HOW TO COMPLETE THIS TASK: Begin with the line where "this 2212×1659 image." appears. Set down that line and the rest of the records below it exactly as given.
● ● ●
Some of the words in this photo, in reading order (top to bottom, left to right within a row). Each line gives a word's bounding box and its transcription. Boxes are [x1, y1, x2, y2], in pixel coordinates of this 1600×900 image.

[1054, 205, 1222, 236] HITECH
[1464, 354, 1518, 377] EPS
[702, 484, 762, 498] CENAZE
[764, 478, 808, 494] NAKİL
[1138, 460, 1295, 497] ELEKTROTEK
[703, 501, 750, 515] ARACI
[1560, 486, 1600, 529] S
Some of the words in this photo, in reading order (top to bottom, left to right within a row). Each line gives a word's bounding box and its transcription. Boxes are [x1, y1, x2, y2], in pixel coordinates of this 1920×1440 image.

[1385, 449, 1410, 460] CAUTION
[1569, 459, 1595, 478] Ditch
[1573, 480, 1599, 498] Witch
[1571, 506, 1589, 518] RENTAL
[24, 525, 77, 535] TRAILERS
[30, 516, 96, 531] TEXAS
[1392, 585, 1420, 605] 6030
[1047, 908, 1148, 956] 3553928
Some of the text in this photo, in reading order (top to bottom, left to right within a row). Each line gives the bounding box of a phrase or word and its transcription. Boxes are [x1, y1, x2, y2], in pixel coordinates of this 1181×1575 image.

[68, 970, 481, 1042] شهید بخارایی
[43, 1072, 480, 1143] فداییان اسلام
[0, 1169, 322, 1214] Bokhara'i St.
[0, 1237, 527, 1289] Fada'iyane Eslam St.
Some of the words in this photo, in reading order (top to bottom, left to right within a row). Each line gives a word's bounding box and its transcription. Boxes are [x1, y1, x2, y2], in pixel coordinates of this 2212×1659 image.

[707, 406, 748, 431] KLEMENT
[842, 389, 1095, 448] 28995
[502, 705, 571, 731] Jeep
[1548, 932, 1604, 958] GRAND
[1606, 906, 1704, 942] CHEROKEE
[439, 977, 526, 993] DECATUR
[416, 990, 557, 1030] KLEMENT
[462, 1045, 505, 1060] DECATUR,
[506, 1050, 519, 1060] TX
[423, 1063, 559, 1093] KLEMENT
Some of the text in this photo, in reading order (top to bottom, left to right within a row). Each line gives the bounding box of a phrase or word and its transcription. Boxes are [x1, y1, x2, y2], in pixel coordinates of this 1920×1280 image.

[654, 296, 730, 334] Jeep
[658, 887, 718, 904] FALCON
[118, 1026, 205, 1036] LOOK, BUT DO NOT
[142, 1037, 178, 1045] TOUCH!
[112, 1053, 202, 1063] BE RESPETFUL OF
● ● ●
RESPONSE TO THE EXERCISE:
Some of the words in this photo, in reading order (top to bottom, left to right within a row). Each line gives a word's bounding box and its transcription. Boxes are [x1, y1, x2, y2], in pixel coordinates of this 2212×1659 image.

[707, 406, 748, 431] KLEMENT
[842, 389, 1095, 448] 28995
[502, 705, 571, 731] Jeep
[1548, 932, 1604, 958] GRAND
[1606, 906, 1704, 942] CHEROKEE
[439, 977, 526, 993] DECATUR
[416, 990, 557, 1030] KLEMENT
[462, 1045, 505, 1060] DECATUR,
[506, 1050, 519, 1060] TX
[423, 1063, 559, 1093] KLEMENT
Some of the text in this photo, in reading order (top to bottom, left to right within a row). Each line gives the bounding box of a phrase or word and its transcription. Boxes are [x1, y1, x2, y2], in pixel coordinates of this 1920×1280 image.

[654, 296, 730, 334] Jeep
[658, 887, 718, 904] FALCON
[118, 1026, 205, 1036] LOOK, BUT DO NOT
[142, 1037, 178, 1045] TOUCH!
[112, 1053, 202, 1063] BE RESPETFUL OF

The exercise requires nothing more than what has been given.